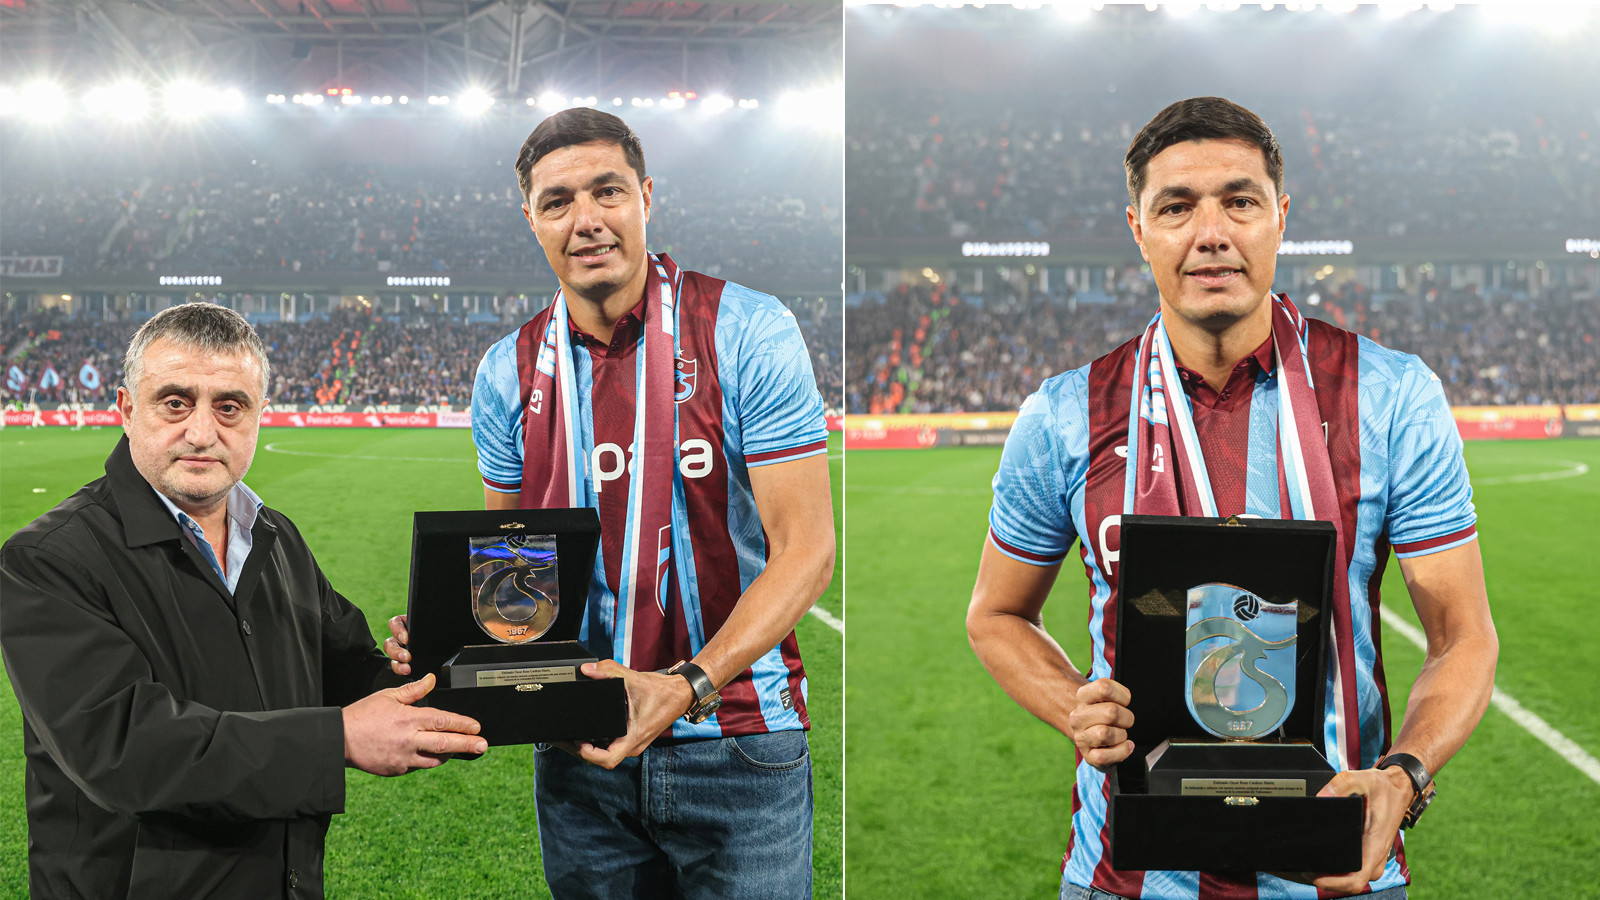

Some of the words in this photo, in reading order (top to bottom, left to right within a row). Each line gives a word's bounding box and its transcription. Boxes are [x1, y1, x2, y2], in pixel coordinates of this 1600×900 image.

[530, 389, 543, 415] 67
[508, 626, 528, 636] 1967
[1227, 720, 1253, 730] 1967
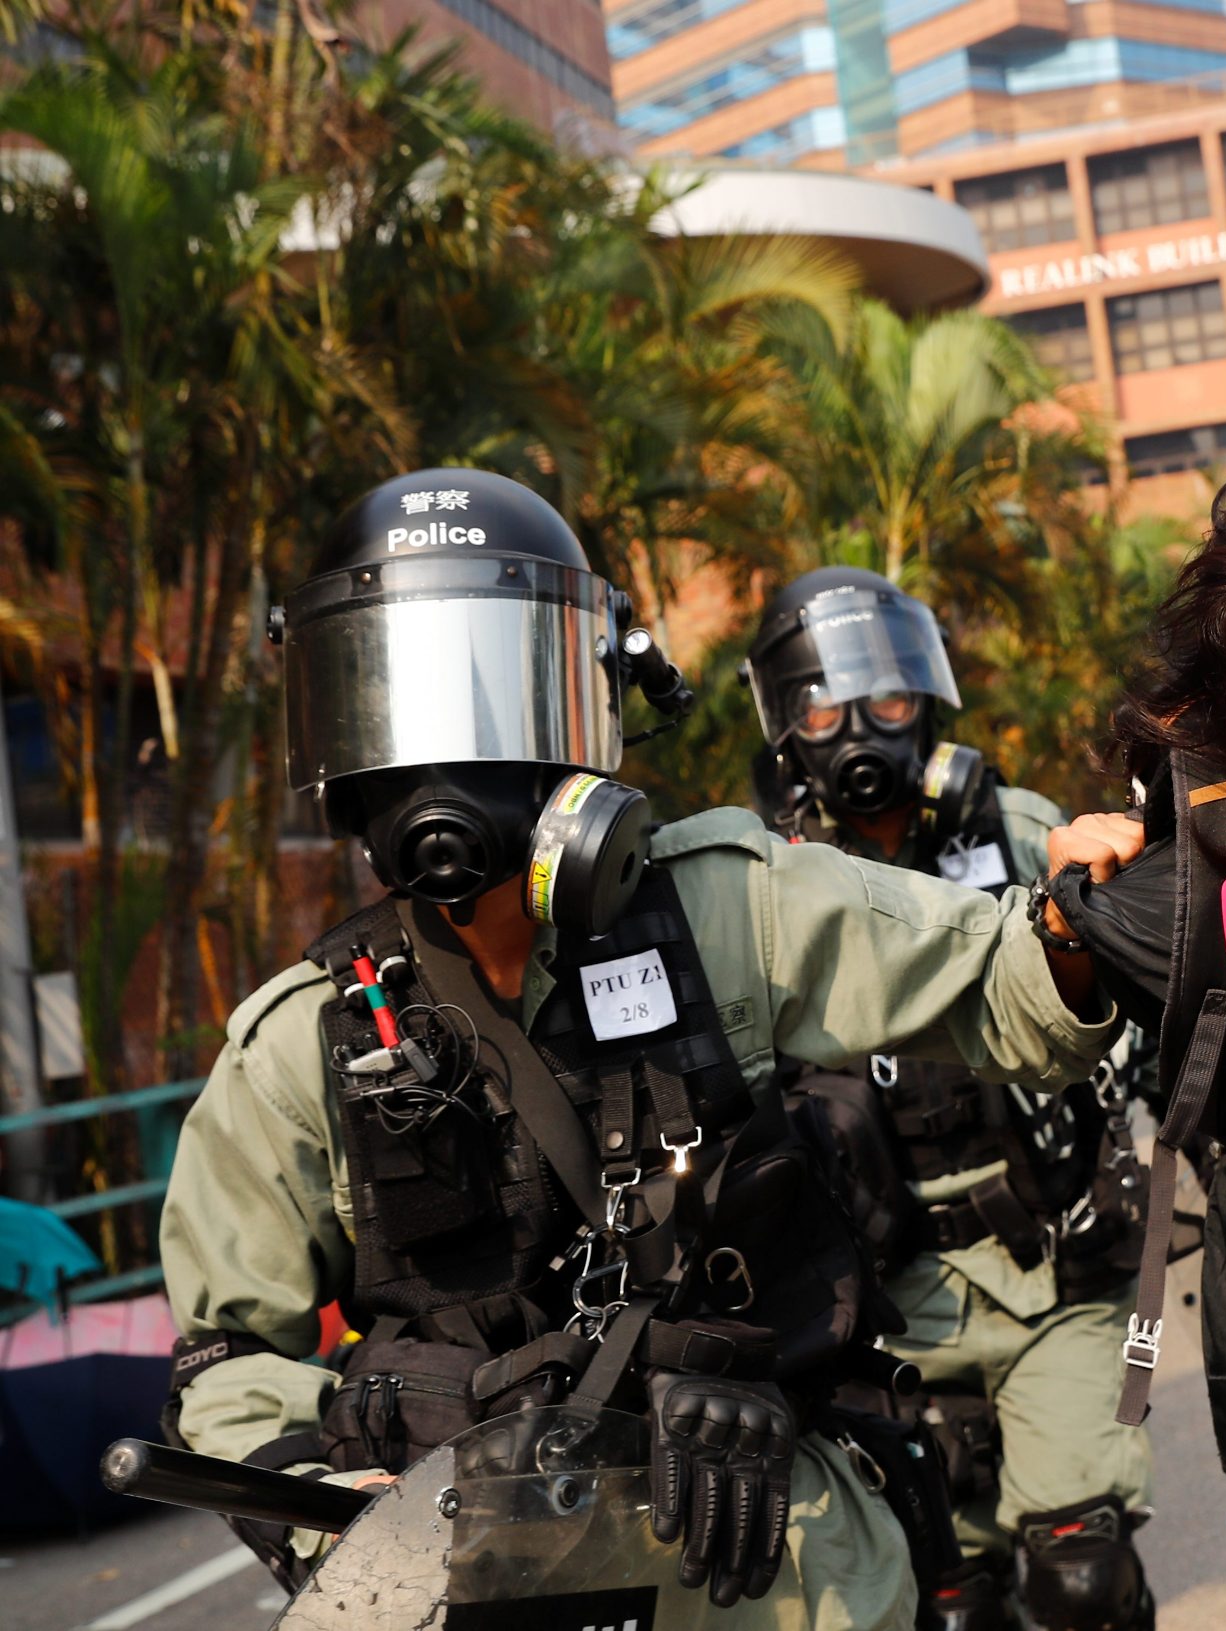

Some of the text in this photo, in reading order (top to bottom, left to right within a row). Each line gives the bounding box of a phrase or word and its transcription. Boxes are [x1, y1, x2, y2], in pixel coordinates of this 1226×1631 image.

[1001, 248, 1141, 297] REALINK
[400, 488, 471, 515] 警察
[388, 521, 487, 553] Police
[590, 964, 664, 998] PTU Z1
[619, 1002, 650, 1023] 2/8

▶ [ASSIGNMENT]
Please copy out the whole listing exactly, minus its pictures.

▶ [EXPECTED ANSWER]
Some of the words in this photo, in reading order (top to bottom, left to right within a row). Each line gives a word's bounding box and its transcription. Boxes are [x1, y1, x2, y2], in pixel coordinates of this 1600×900 image.

[530, 389, 543, 415] 67
[508, 626, 528, 636] 1967
[1227, 720, 1253, 730] 1967

Some of the text in this photo, in reading order (top to bottom, left to right within a row). Each line gives the bounding box of a phrase or word and its transcription. Boxes are [x1, y1, x2, y2], in pixel coordinates of this 1226×1631 image.

[1001, 248, 1141, 297] REALINK
[400, 488, 471, 515] 警察
[388, 521, 487, 553] Police
[590, 964, 664, 998] PTU Z1
[619, 1002, 650, 1023] 2/8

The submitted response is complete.